(TASK OBJECTIVE): Make an exact copy of the listing below. Pictures stay out of it.

━━━━━ DATASET EXCERPTS ━━━━━

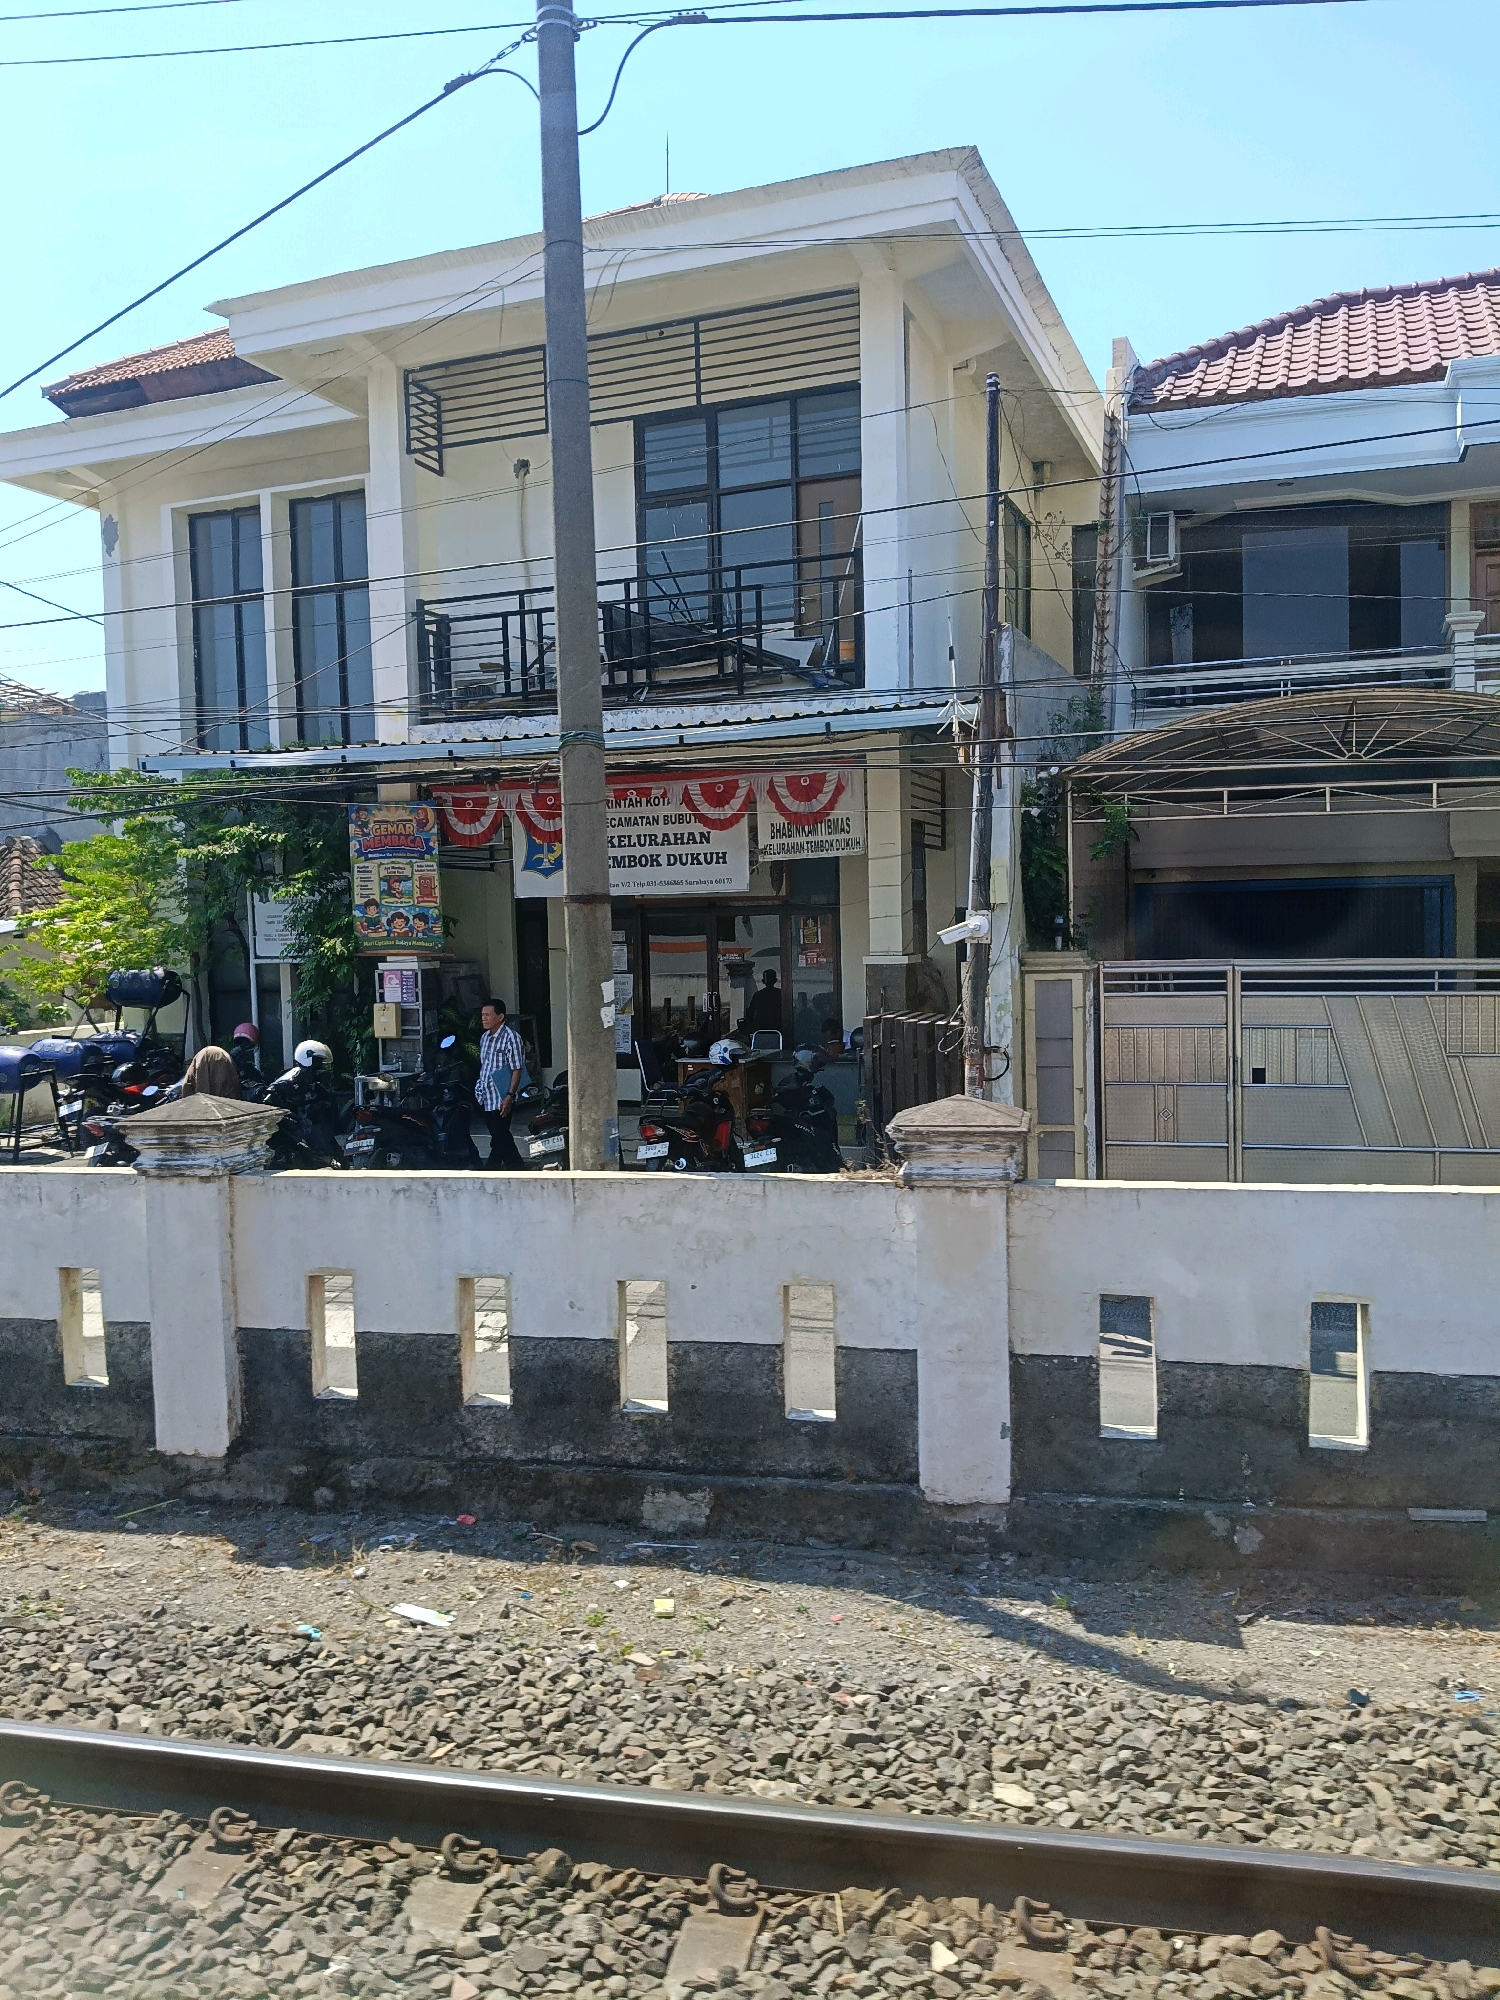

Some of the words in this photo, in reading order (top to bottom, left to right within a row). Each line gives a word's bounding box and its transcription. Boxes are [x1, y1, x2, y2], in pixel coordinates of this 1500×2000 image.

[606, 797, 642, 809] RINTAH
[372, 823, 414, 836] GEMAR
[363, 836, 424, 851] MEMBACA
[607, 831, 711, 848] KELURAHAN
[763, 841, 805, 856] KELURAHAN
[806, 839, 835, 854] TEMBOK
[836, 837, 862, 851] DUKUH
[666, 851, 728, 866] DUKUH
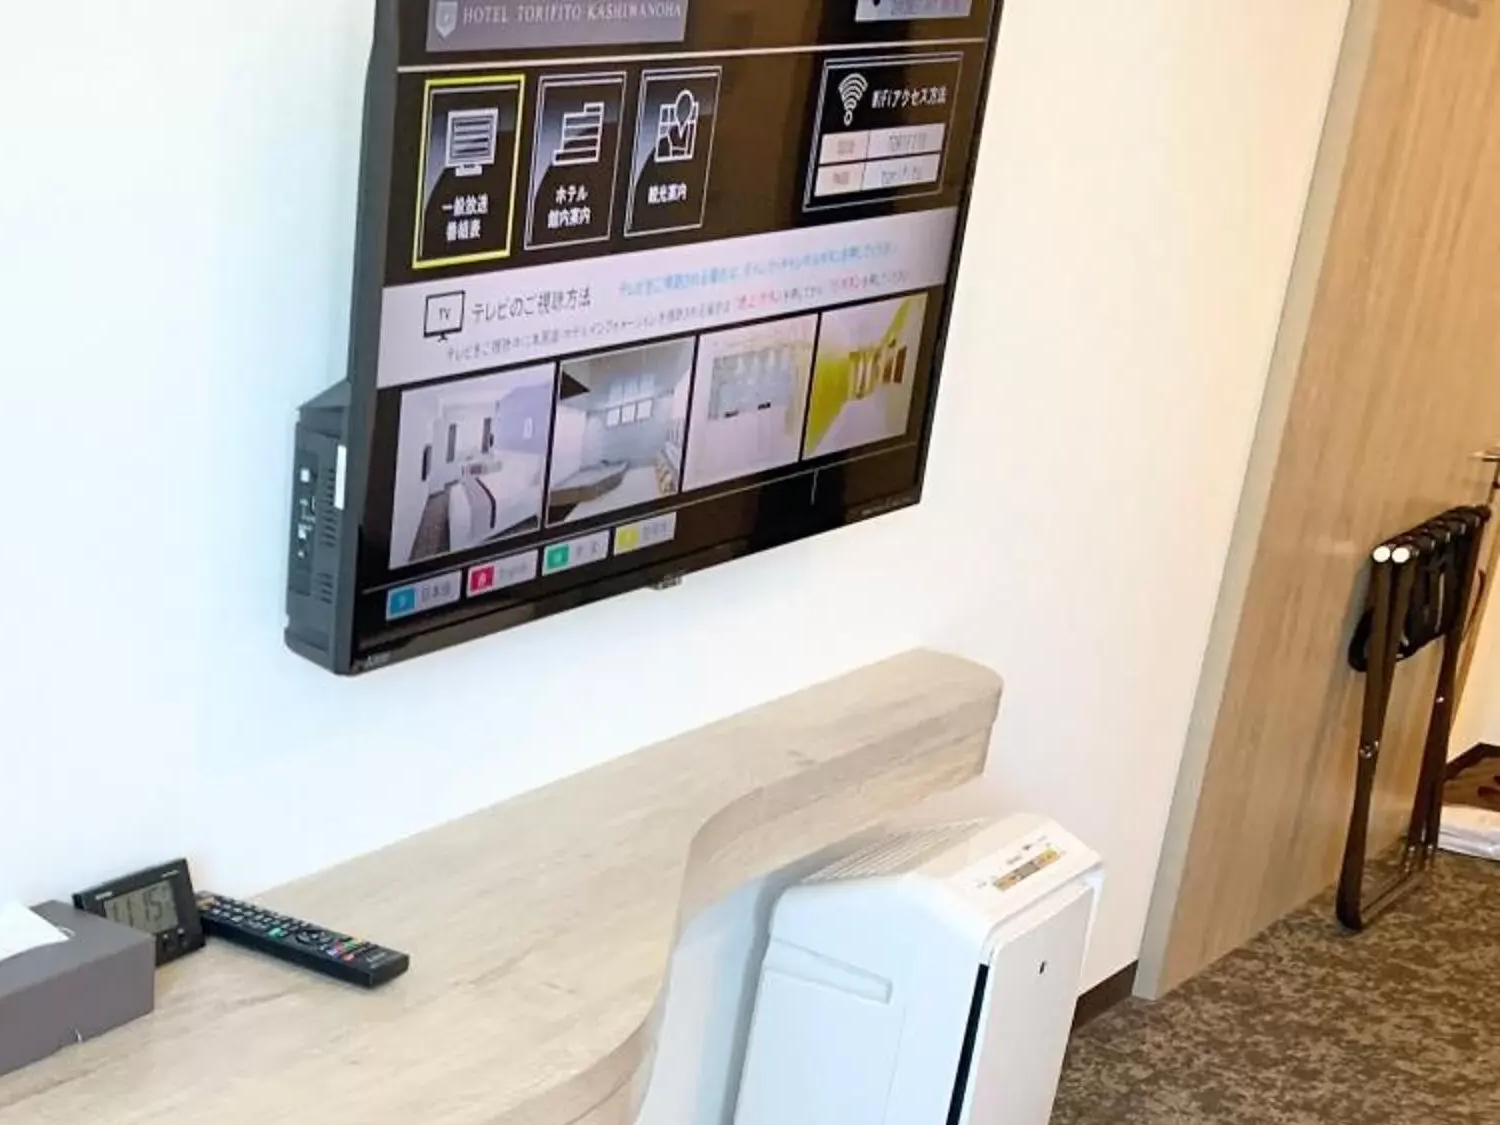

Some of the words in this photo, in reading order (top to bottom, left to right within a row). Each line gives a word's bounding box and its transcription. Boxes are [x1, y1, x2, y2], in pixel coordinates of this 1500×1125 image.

━━━━━

(EXERCISE SOLUTION):
Some of the words in this photo, in reading order (top to bottom, left to right within a row). Each line gives a word's bounding box and its transcription. Boxes are [x1, y1, x2, y2], in pixel coordinates of this 1500×2000 image.

[606, 797, 642, 809] RINTAH
[372, 823, 414, 836] GEMAR
[363, 836, 424, 851] MEMBACA
[607, 831, 711, 848] KELURAHAN
[763, 841, 805, 856] KELURAHAN
[806, 839, 835, 854] TEMBOK
[836, 837, 862, 851] DUKUH
[666, 851, 728, 866] DUKUH

Some of the words in this photo, in reading order (top to bottom, left to right within a row). Each line gives a word's bounding box and its transcription. Boxes are [x1, y1, x2, y2], in pixel coordinates of this 1500×1125 image.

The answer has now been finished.